Rejoice, the Lord is King! Your Lord and King adore.
Rejoice, give thanks and sing and triumph evermore.
Lift up your heart, lift up your voice, again I say rejoice, rejoice!

14
Dec

The Fifty Stems series is process art, in which the Ontario October becomes more than merely scattered, fallen detritus on the forest floor. These leaf stems have been arranged, photographed, and colourized, thus undergoing a transformation from the organic to the conceptual. Whereas I have elsewhere communicated the sublime in terms of sensory overload, with reference to C.S. Lewis’ characterization of heaven as a neverending spiral, or as irredescent colours in un-fallen worlds, here there is also an element of ‘zen’ present. It doesn’t have the same effect as a Rothko colour field, but it leans in that direction. It seems to me that a tension exists between kinds of spirituality: this minimalist aesthetic jives with eastern ideology, whereas my layered, laboured, works are more in line with the complexity of the Christian narrative of creation, fall, redemption, and glory. This general tension is specifically manifest in various conceptions of God.
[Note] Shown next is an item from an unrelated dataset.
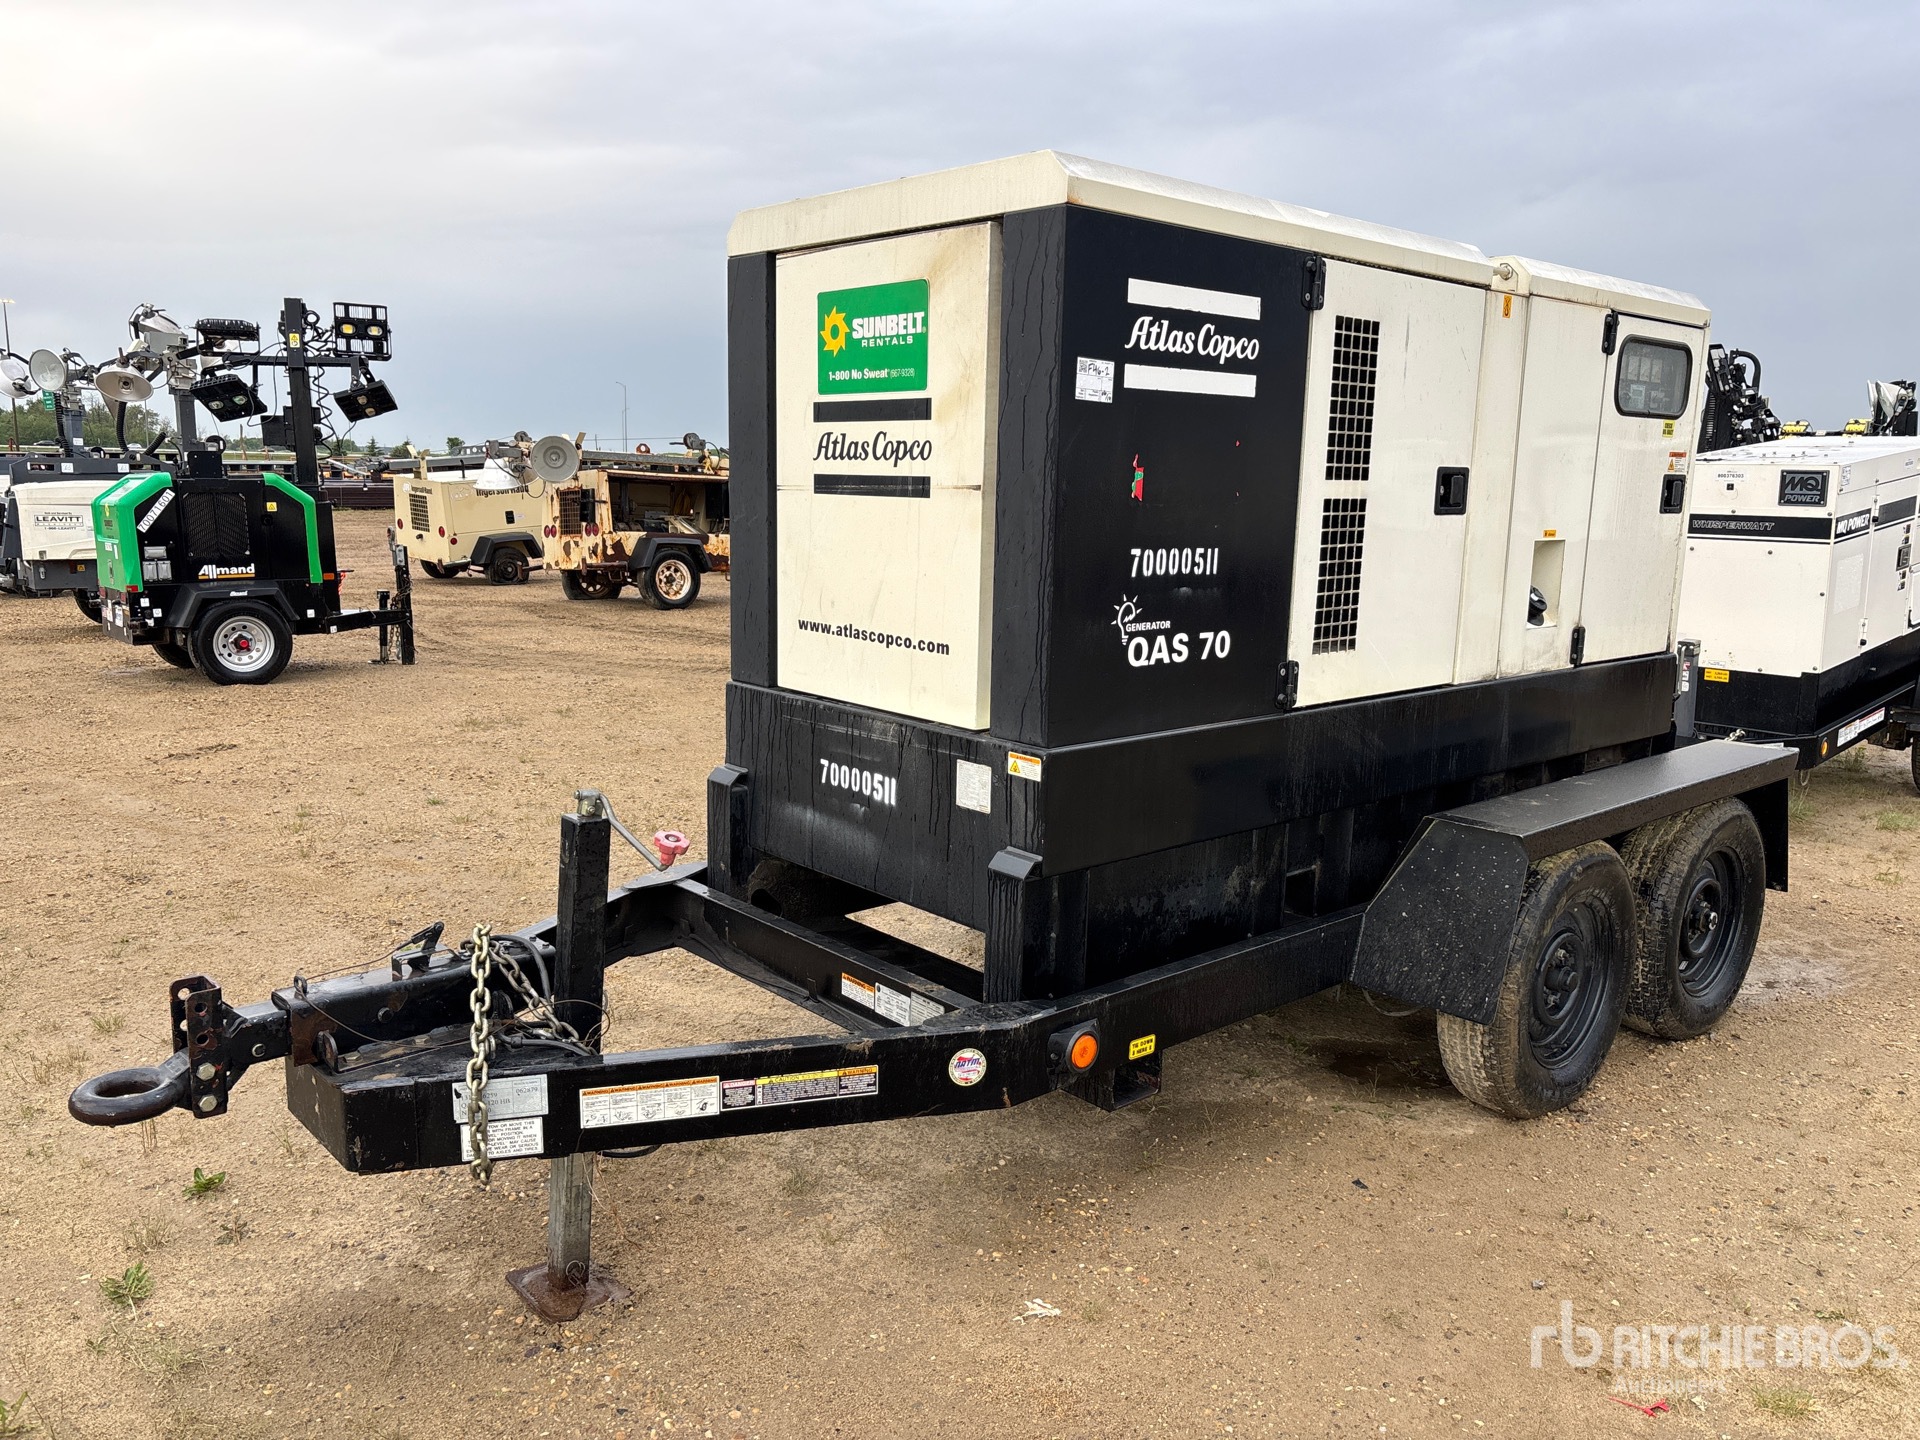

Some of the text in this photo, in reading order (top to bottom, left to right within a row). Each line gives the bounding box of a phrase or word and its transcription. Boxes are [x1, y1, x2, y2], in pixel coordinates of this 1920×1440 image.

We don’t have the capacity to understand God as he is, so we describe Him in negative terms. He is immutable, incomprehensible, immortal, and so on. It leaves you with an image that abounds with negative space: very zen indeed. But when we think of our Saviour as Wonderful Counsellor, Mighty God, Everlasting Father Prince of Peace… then we begin to stand in awe of the things we cannot depict. Still, I enjoy these calm, serene, and almost formal moments with leaves and colours. They may not be explicity Christian. But they do speak to me, almost as if I myself was once a dead leaf on the ground, waiting only to be picked up by God and used as his handiwork.